HOW TO COMPLETE THIS TASK → With the images excluded, set down every line of the listing below exactly.

====== RECORDS TO PROCESS

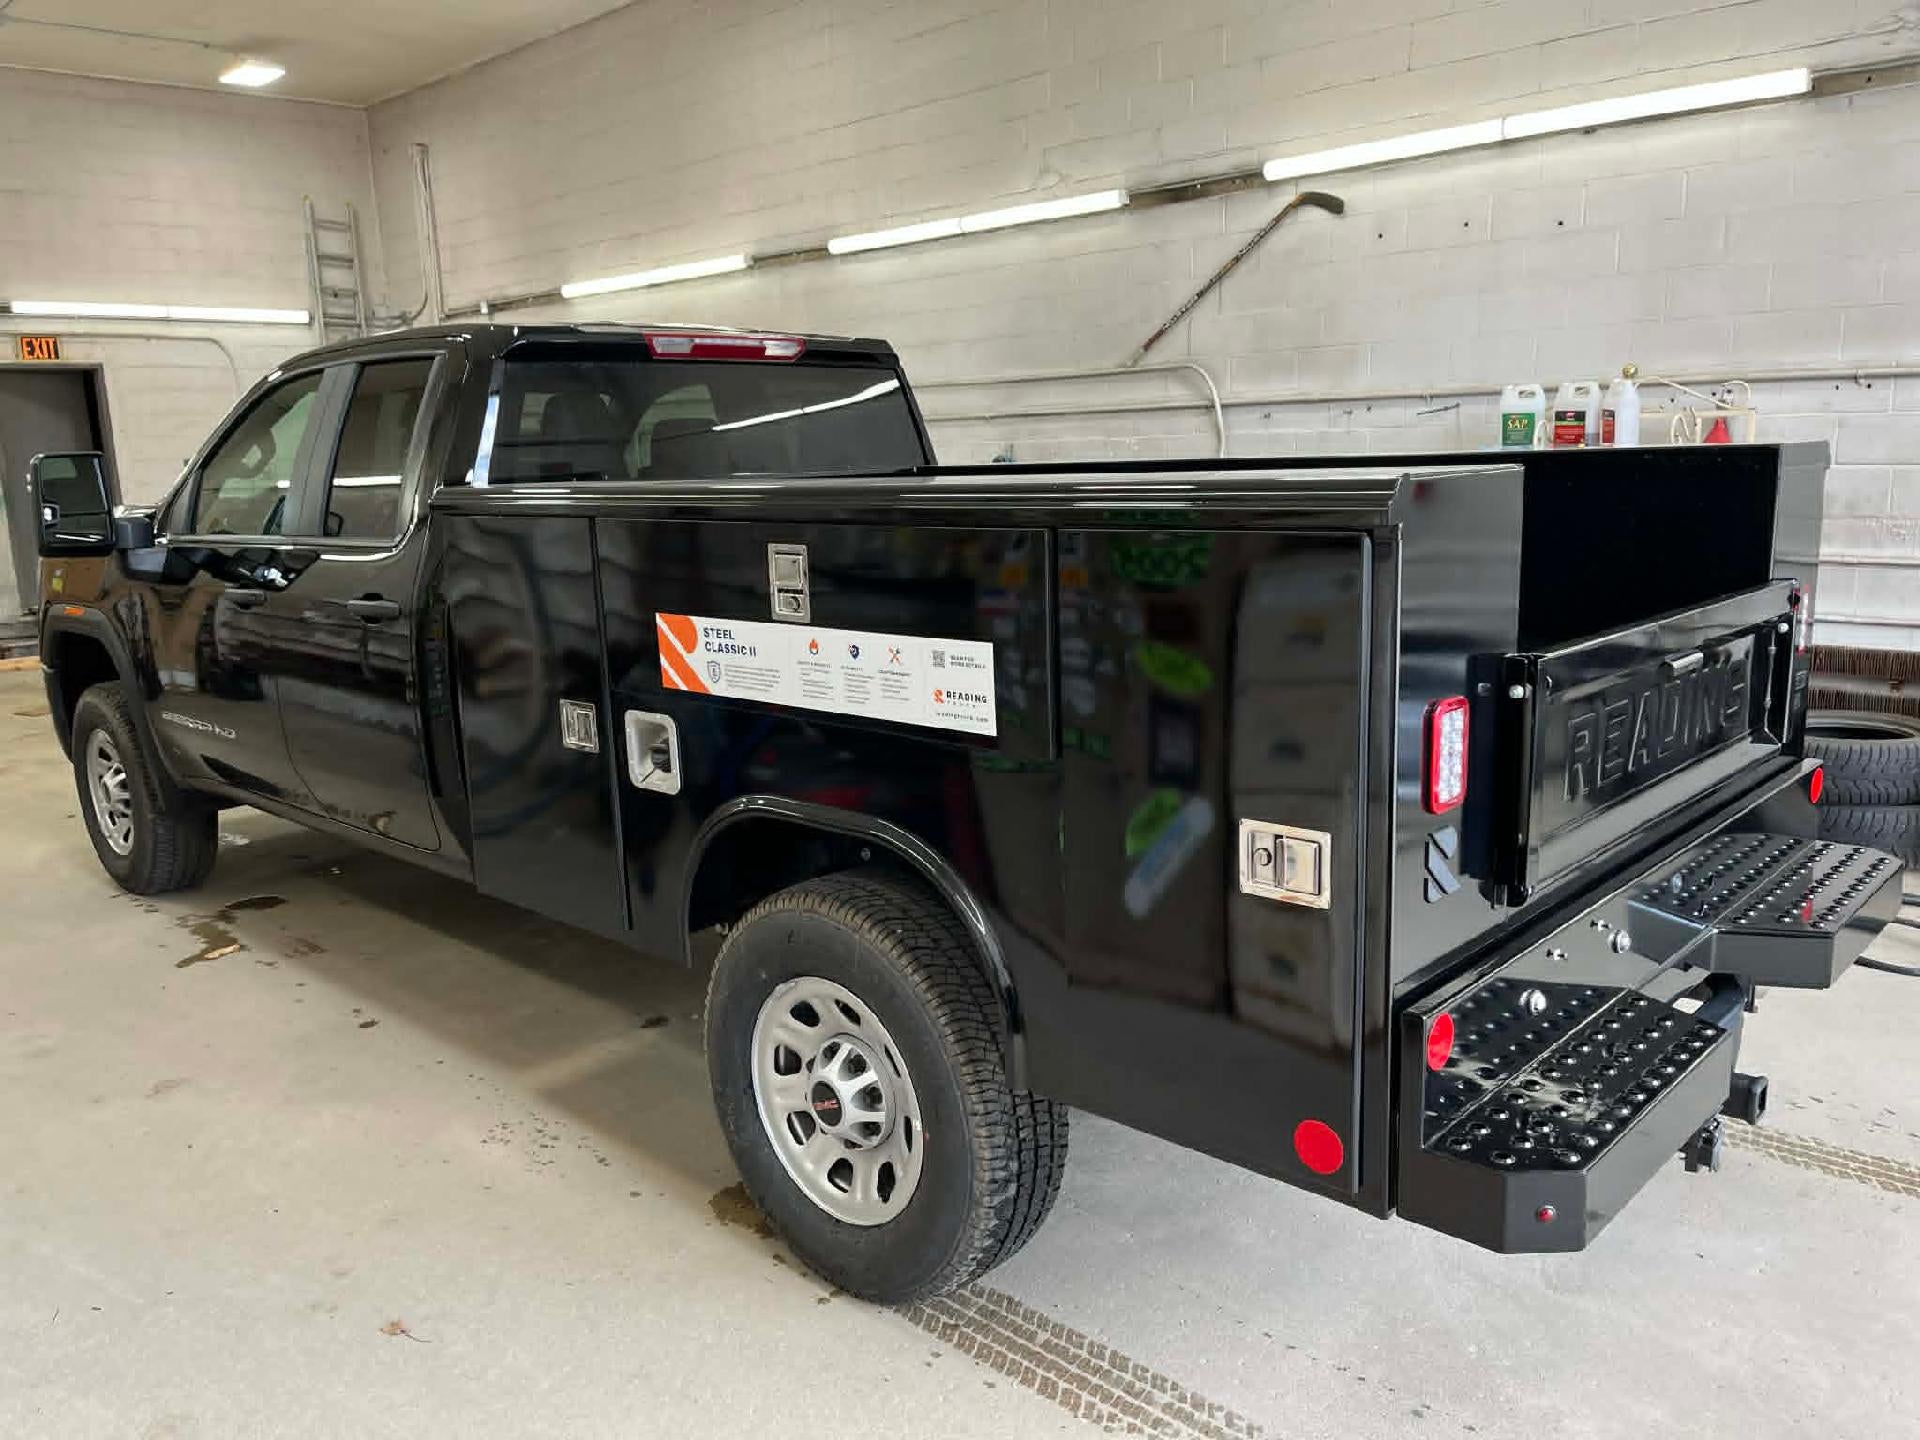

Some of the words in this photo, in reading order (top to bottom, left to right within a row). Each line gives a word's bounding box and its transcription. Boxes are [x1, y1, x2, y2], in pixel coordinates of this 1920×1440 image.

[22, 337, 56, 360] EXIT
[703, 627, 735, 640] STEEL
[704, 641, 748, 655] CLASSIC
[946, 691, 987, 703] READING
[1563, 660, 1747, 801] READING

============

ANSWER BOX →
Some of the words in this photo, in reading order (top to bottom, left to right within a row). Each line gives a word's bounding box and its transcription. Boxes are [x1, y1, x2, y2], in pixel coordinates of this 1920×1440 image.

[22, 337, 56, 360] EXIT
[703, 627, 735, 640] STEEL
[704, 641, 748, 655] CLASSIC
[946, 691, 987, 703] READING
[1563, 660, 1747, 801] READING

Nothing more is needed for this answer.